Benim çok sevdiğim kelime vardır.
(…Benim çok sevdiğim kelime vardır.
“Kabûl” kelimesi. Şimdi hep onu düşünüyorum. Kader değişir mi değişmez.
Ama değişir, değişir. Nasıl değişir?
Eğer felâket gibi kabûl edersen ezilirsin altında ama O’ndan geldi o verdi dersen, hâdise gene olur fakat hafifler.
İşte şikâyetsizlikte de kabûl meselesi var.
Aynı hâdise birinin başında felâkettir, birinde ise bütün ağırbaşlılıkla çeker. Kabûl çok mühimdir.
Ben size daha söyleyebilirim?
Bir iki ricam olacak. Yaptığınıza eminim ama söylemekte fayda vardır.

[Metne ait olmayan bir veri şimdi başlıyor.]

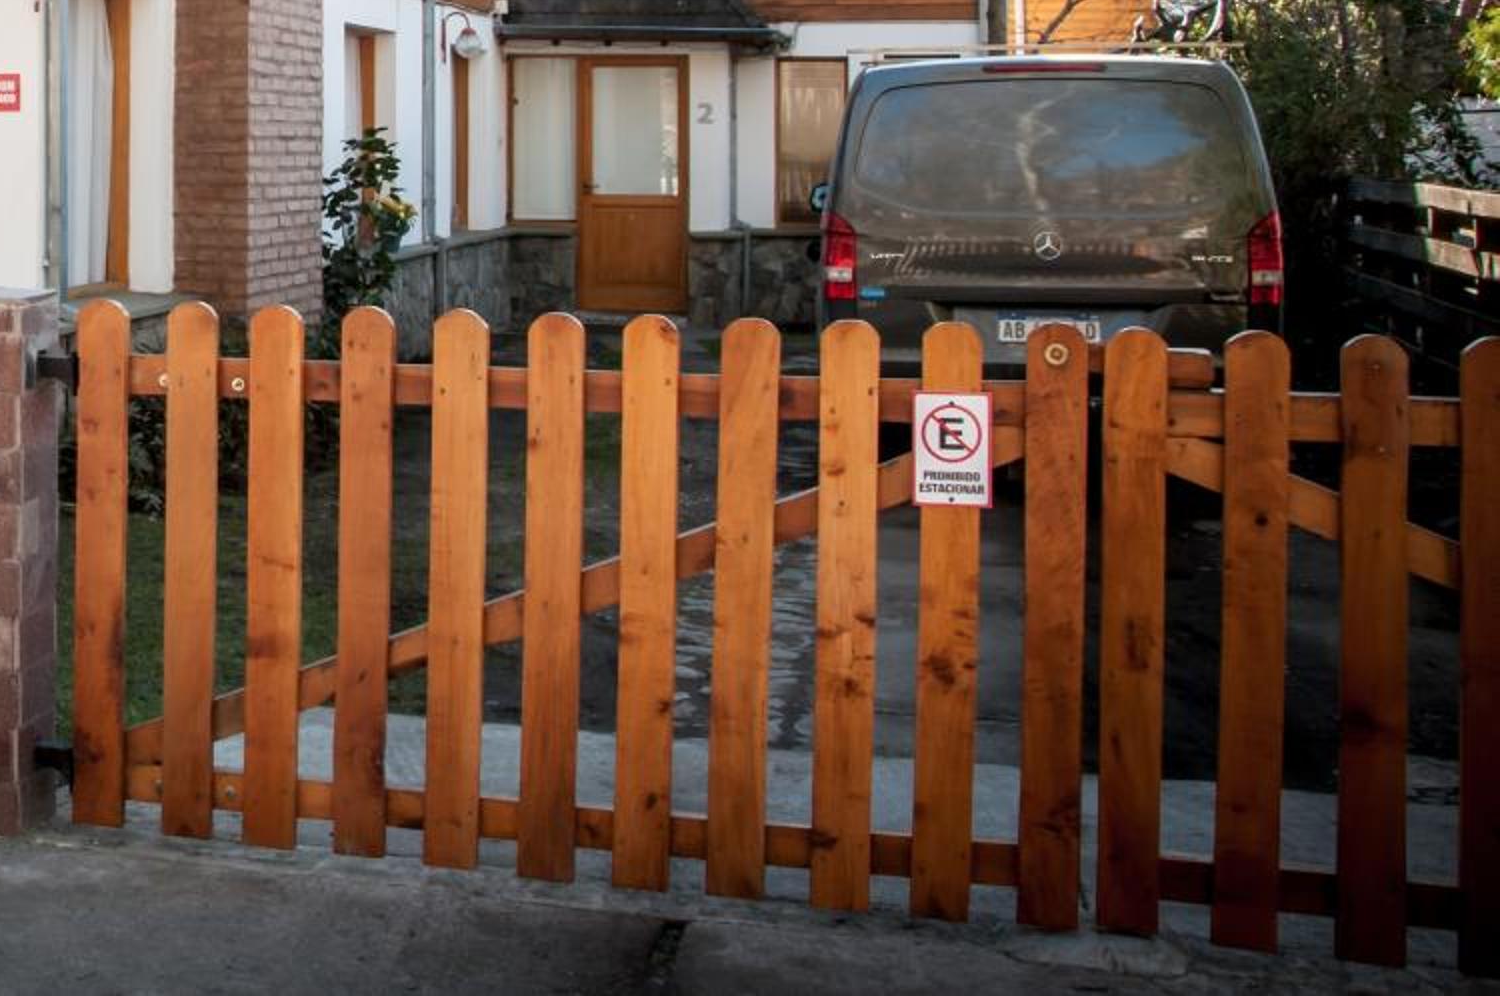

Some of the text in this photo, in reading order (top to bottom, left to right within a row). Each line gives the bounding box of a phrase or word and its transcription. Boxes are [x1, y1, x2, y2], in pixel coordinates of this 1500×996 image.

Çocuklarınıza sevgiyi alıştırın. Çiçeği sevsin, böceği sevsin, hayvanı sevsin, insanı sevsin. Maalesef sevgisiz bir nesil yetiştiriyoruz.
Sâmiha Anneciğim derdi ki:
“O kadar hâin insanı nasıl yetiştirebiliyoruz? Öldürebiliyor, kırabiliyor, vurabiliyor.”
Cemiyetin kadrosuna bakın. Eğer bu insanlar sevebilselerdi bu netice doğmazdı, Yapamazdı.
Elinde değil. Eskiden insanlar ayaklarına çıngırak takarlarmış. Hayvanlar haber alsın da ezilmesin diye.)